O assunto deixou de ser apenas técnico faz tempo. Hoje, a falta de energia afeta comércio, indústria, produção rural e principalmente a rotina das famílias, que convivem quase diariamente com interrupções e prejuízos.

Villela reconheceu o problema e falou sobre os desafios enfrentados pela companhia, especialmente diante do aumento da demanda e da dificuldade na contratação de profissionais especializados. Um dos anúncios feitos durante a entrevista foi justamente a criação de uma escola de eletricistas, iniciativa que a Copel deve lançar nos próximos dias.

"Estamos nos próximos dias anunciando uma escola de eletricista diante da dificuldade das empresas em contratar profissionais", afirmou.

Outro ponto importante debatido foi a capacidade das empresas terceirizadas contratadas pela Copel para atender ocorrências em situações de acidentes e temporais. A cobrança da população aumentou nos últimos meses justamente pela demora em alguns atendimentos e pela sensação de fragilidade da estrutura operacional em momentos críticos.

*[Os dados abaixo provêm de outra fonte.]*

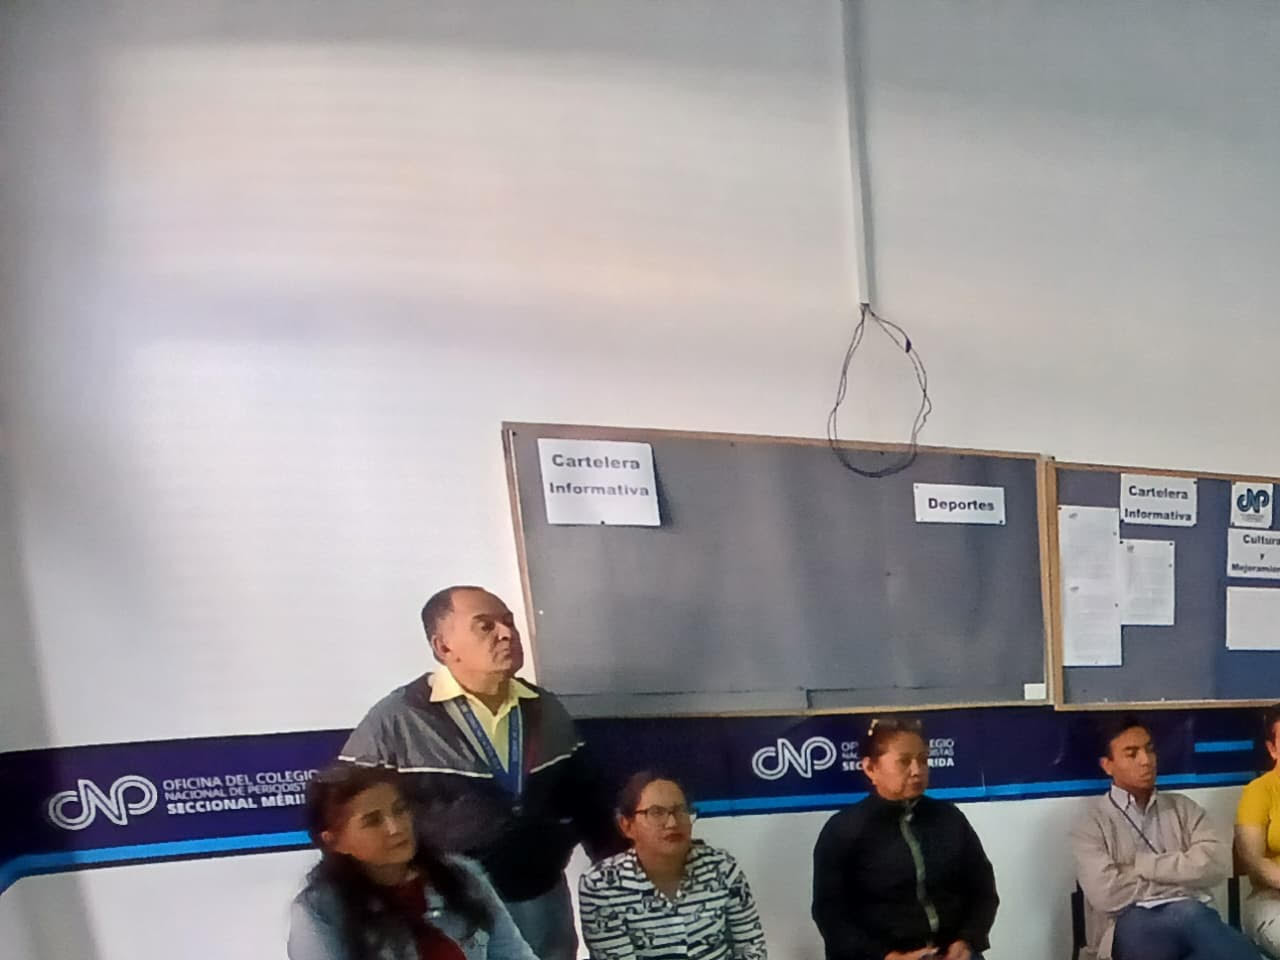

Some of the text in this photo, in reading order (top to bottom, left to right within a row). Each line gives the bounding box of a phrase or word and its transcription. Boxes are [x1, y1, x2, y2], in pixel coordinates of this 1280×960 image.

Também entrou na pauta o acidente que atingiu uma torre de energia e gerou impacto no abastecimento. Segundo Villela, o motorista responsável será cobrado pelos danos causados. O diretor ainda reforçou que consumidores prejudicados por oscilações ou queima de equipamentos podem buscar ressarcimento junto à companhia.

A verdade é que o debate sobre energia elétrica virou um dos temas mais sensíveis da região Oeste. E mais do que promessas, a população espera respostas rápidas, investimentos e, principalmente, estabilidade no fornecimento.